転職時に自分で社会保険の手続きが必要なケースとしては、前職の会社を退職してから次の会社に入社するまでに期間が空く場合が挙げられます。退職後14日以内に、健康保険を「国民健康保険」に切り替えたり、厚生年金を「国民年金」に切り替えたりといった手続きが必要です。家族の扶養に入る場合にも、同じく14日以内に手続きを済ませましょう。
また、離職期間中の生活費を補うために、希望する場合には失業手当の受給手続きも早めに行うことをおすすめします。
前職を退職してすぐに新たな会社に入社する場合は、社会保険の手続きを自分で行う必要はありません。この場合は、前職の会社から次の会社へ社会保険の資格が継続されます。退職時に渡される源泉徴収票や年金手帳、雇用保険被保険者証などを、入社後に担当部署に提出しましょう。また、前職の健康保険証は退職日までしか使えません。退職時に忘れずに返却しましょう。
転職に伴う離職期間中の健康保険はどうすればよいのでしょうか。ここでは、任意継続、国民健康保険への加入、家族の扶養に入るという3つの選択肢を解説します。自分に合ったプランを選んで、転職までの間も安心して過ごせるよう準備を進めましょう。
離職後もこれまでと同じ健康保険に加入し続けたい場合は、任意継続被保険者制度を利用できます。これは、退職前の健康保険を最長2年間継続できる制度です。保険料は全額自己負担となりますが、病気やけがの際に安心です。手続きは退職日から20日以内に、前の勤務先の健康保険組合などに申し出る必要があります。転職までの期間が短い場合や、次の会社の健康保険に加入するまでのつなぎとして活用するのがおすすめです。
離職期間が長引きそうな場合は、国民健康保険への加入を検討しましょう。国民健康保険は、職場の健康保険に加入していない人が対象です。手続きは、市区町村の国民健康保険担当窓口で行います。必要書類は、離職票や雇用保険受給資格者証などです。
保険料は前年の所得に応じて決まります。収入が減るなどの理由で支払いに不安を感じる方には、保険料の減免制度もあるため、担当者に相談してみるとよいでしょう。
家族の健康保険に扶養として入るのもひとつの選択肢です。扶養に入ためには、「被保険者の3親等以内の親族で、被保険者に生計を維持されている」「年収が130万円未満かつ被保険者の年収の1/3未満」など、いくつかの条件を満たす必要があります。手続きを行う前に、事前に条件を満たしているか確認しておきましょう。手続きは、扶養者の勤務先の健康保険組合などで行います。

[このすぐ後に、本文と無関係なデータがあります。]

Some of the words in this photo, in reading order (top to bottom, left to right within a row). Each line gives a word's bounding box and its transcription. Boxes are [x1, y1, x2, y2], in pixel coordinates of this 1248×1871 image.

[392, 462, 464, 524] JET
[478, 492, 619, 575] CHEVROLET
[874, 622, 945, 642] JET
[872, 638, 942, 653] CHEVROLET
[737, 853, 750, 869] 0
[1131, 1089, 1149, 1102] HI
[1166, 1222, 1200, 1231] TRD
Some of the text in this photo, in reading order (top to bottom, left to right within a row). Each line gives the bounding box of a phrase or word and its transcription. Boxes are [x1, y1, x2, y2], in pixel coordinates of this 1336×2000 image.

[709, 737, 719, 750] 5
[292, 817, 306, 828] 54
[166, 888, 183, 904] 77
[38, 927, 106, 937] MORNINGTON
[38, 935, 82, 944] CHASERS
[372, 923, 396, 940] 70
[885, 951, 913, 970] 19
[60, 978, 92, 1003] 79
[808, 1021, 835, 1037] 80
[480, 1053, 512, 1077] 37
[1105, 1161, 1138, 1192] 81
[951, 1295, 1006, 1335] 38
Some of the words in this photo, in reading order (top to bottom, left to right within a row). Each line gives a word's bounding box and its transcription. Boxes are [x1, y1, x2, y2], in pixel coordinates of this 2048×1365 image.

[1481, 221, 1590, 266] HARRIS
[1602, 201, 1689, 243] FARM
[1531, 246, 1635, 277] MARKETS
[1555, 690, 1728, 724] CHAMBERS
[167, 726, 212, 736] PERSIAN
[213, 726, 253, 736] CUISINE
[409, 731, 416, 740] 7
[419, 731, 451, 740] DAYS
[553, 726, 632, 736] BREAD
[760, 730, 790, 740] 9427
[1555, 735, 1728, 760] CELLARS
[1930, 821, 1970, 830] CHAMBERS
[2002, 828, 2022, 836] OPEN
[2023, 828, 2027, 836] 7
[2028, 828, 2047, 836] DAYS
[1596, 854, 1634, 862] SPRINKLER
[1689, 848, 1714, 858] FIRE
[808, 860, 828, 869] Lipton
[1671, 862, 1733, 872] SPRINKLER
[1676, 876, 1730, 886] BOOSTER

健康保険証の切り替えには一定の時間がかかります。入社後や切り替え手続き後、すぐに健康保険証が手元に届くわけではありません。ここからは、健康保険証到着までの期間や、到着前に受診する際の手続きについて、具体的に見ていきましょう。
新しい健康保険証が届くまでの期間は、健康保険の種類によっても異なりますが、加入手続きを行ってから数週間~1ヵ月程度かかるのが一般的です。3月や4月などの繁忙期には、通常よりも手元に届くまでに時間がかかる可能性があります。そのため、自身で手続きが必要なケースでは、退職後速やかに手続きを済ませることをおすすめします。
もし健康保険証の到着前に病院にかかる必要がある場合は、「健康保険被保険者資格証明書」を医療機関の窓口に提示することで保険診療を受けられます。健康保険被保険者資格証明書は、事業主や年金事務所などに申請書を提出することで発行が可能です。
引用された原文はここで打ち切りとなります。